Stored records:

-*-

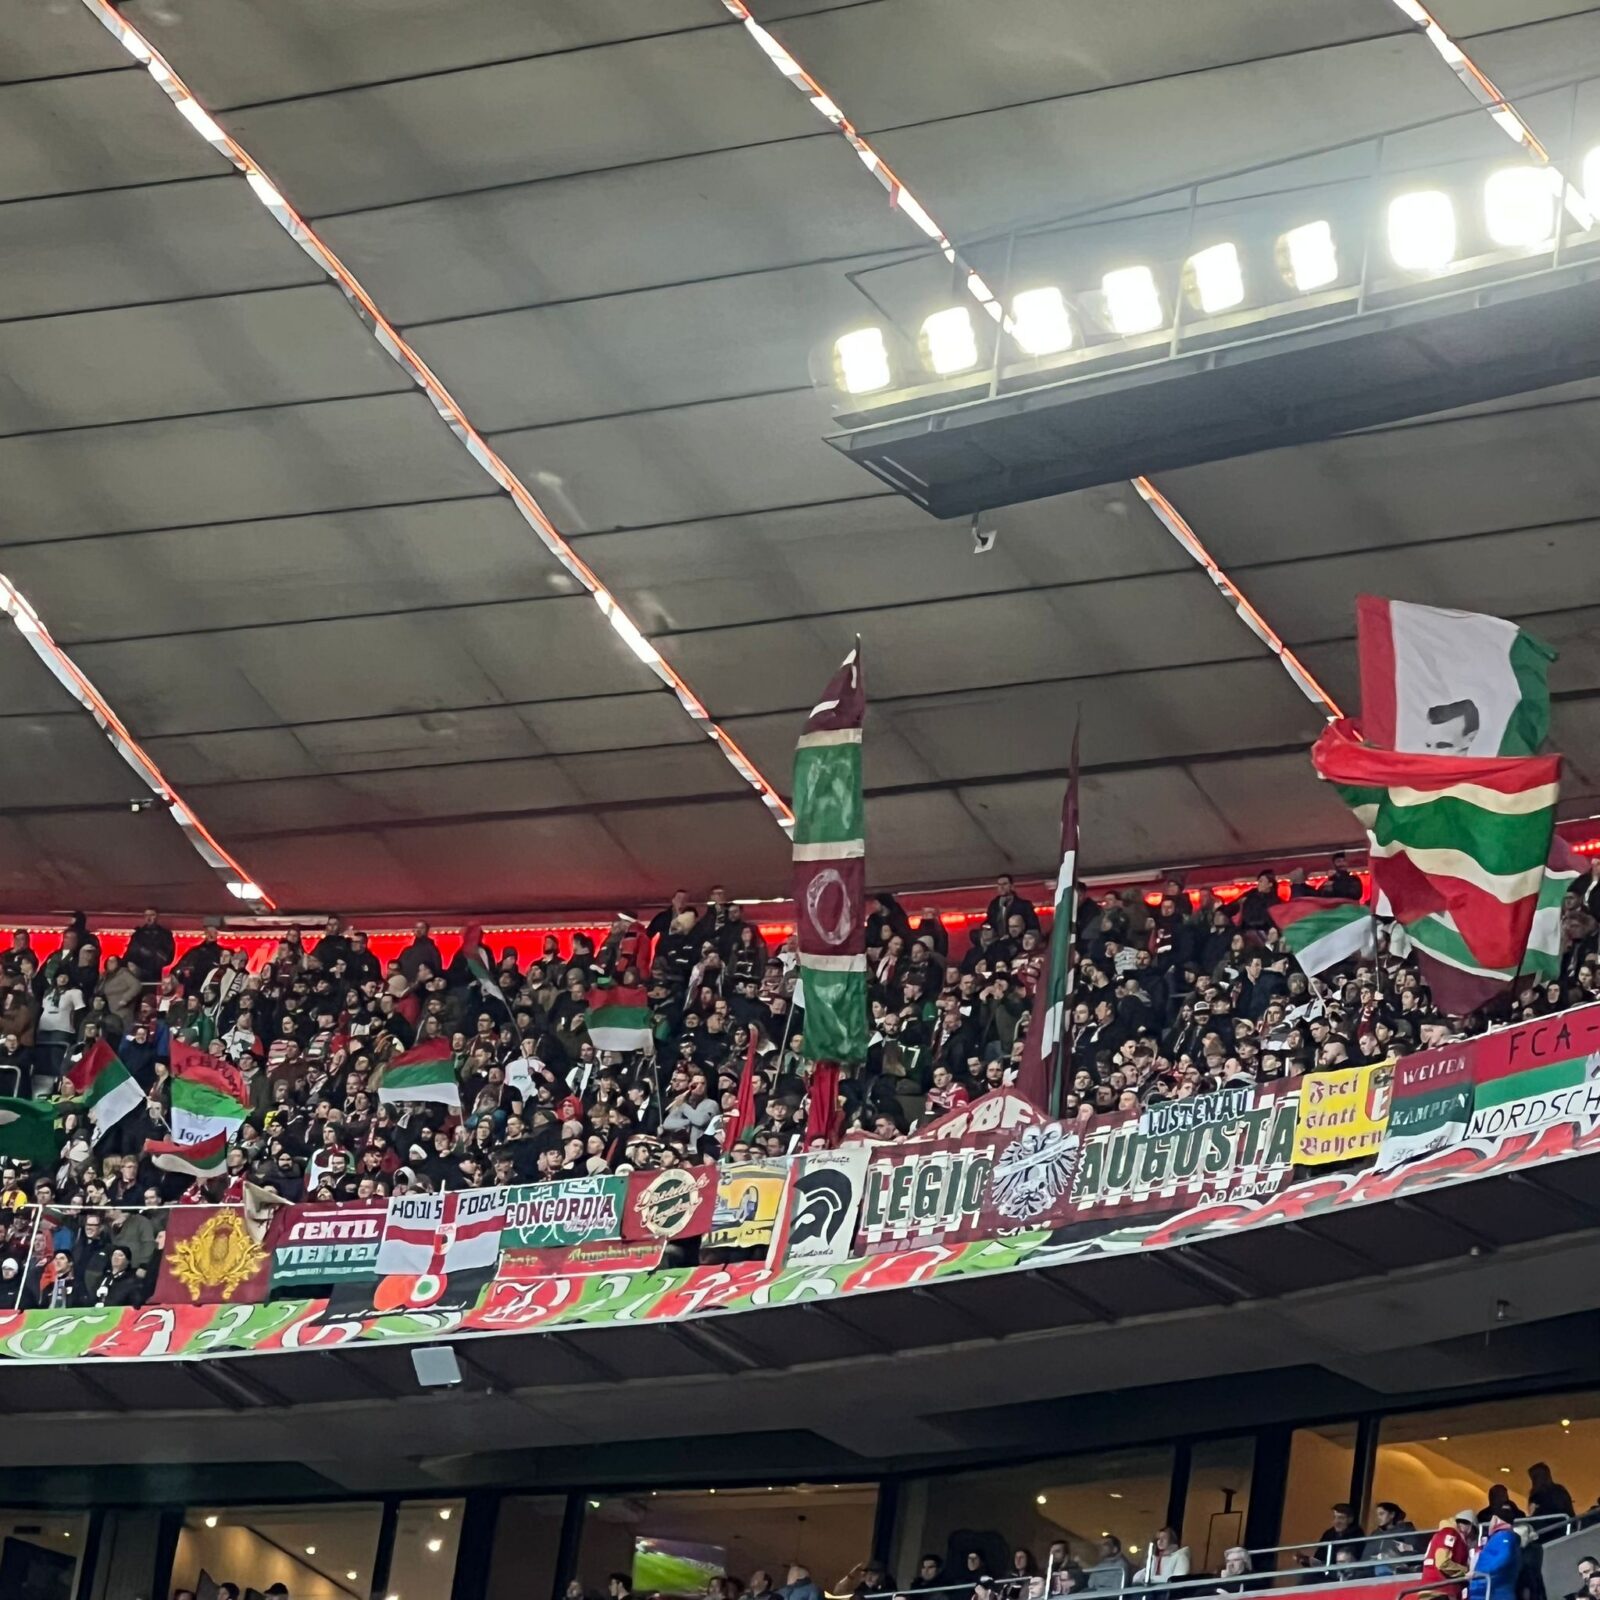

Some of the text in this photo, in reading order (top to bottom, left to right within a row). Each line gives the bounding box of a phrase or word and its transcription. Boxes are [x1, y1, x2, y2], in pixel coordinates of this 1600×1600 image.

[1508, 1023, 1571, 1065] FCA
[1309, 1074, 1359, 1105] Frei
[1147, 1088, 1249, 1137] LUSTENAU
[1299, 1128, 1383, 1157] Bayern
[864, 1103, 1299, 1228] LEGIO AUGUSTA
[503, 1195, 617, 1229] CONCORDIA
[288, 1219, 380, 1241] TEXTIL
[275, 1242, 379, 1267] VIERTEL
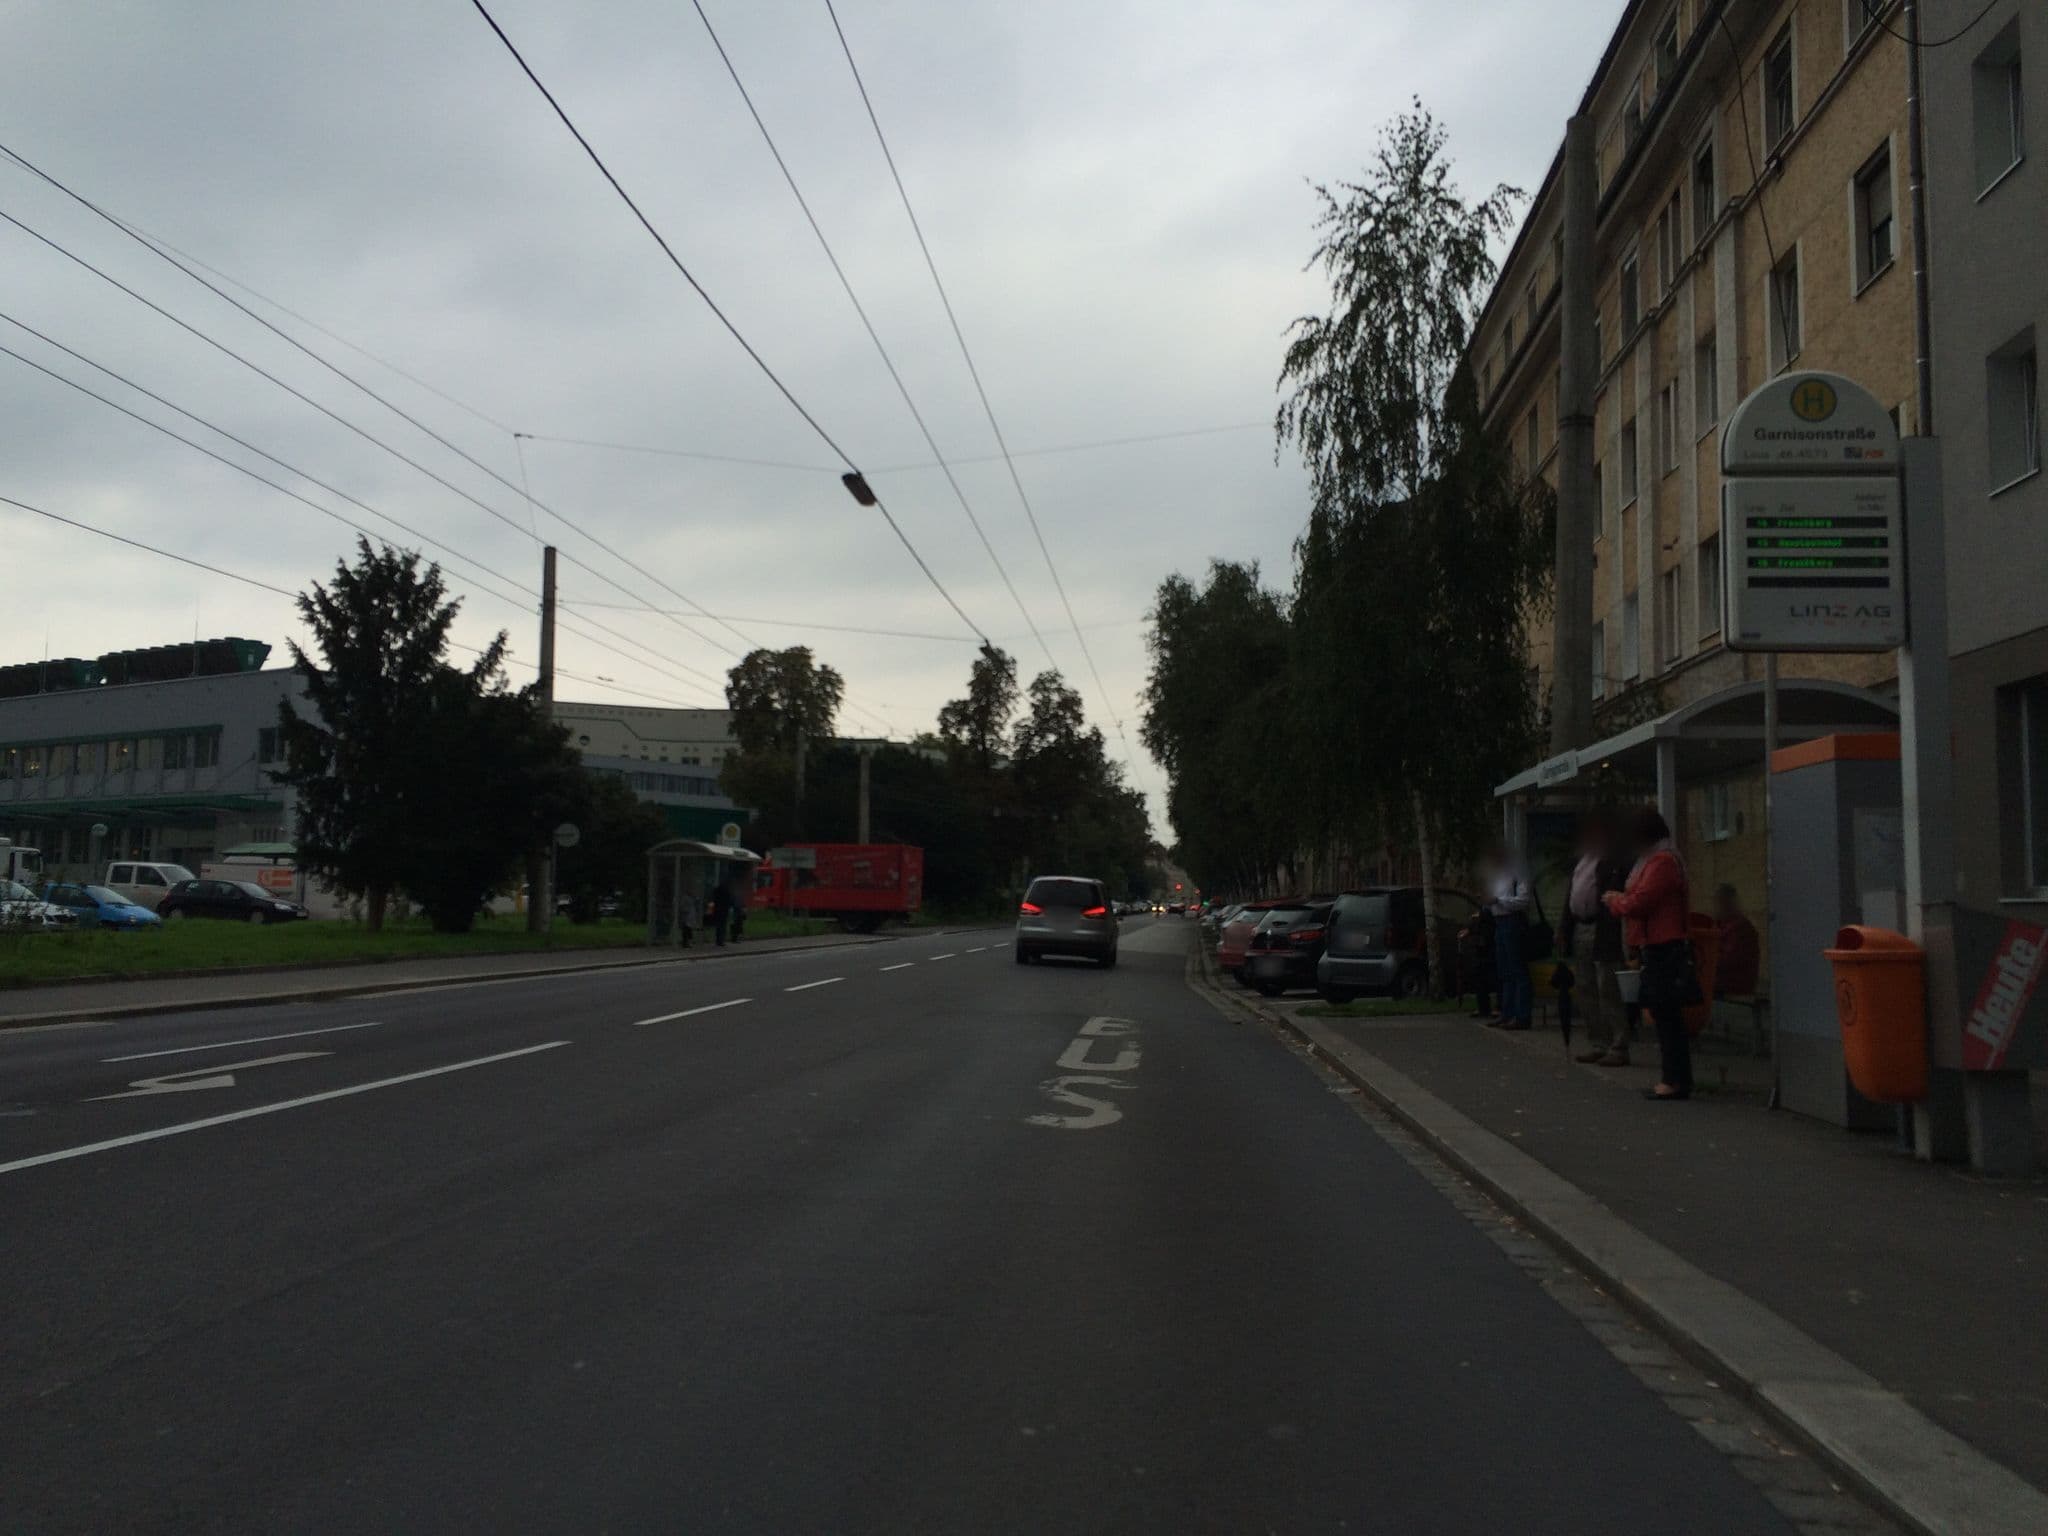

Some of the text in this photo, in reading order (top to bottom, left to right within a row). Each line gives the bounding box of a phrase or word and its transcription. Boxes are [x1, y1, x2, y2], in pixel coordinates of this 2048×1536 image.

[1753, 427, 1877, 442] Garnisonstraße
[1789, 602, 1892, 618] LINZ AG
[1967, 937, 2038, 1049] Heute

-*-

Instructions to follow: Go through the data above and transcribe it in full, omitting any image.

Your response:
Some of the text in this photo, in reading order (top to bottom, left to right within a row). Each line gives the bounding box of a phrase or word and its transcription. Boxes are [x1, y1, x2, y2], in pixel coordinates of this 1600×1600 image.

[1508, 1023, 1571, 1065] FCA
[1309, 1074, 1359, 1105] Frei
[1147, 1088, 1249, 1137] LUSTENAU
[1299, 1128, 1383, 1157] Bayern
[864, 1103, 1299, 1228] LEGIO AUGUSTA
[503, 1195, 617, 1229] CONCORDIA
[288, 1219, 380, 1241] TEXTIL
[275, 1242, 379, 1267] VIERTEL

Some of the text in this photo, in reading order (top to bottom, left to right within a row). Each line gives the bounding box of a phrase or word and its transcription. Boxes are [x1, y1, x2, y2], in pixel coordinates of this 2048×1536 image.

[1753, 427, 1877, 442] Garnisonstraße
[1789, 602, 1892, 618] LINZ AG
[1967, 937, 2038, 1049] Heute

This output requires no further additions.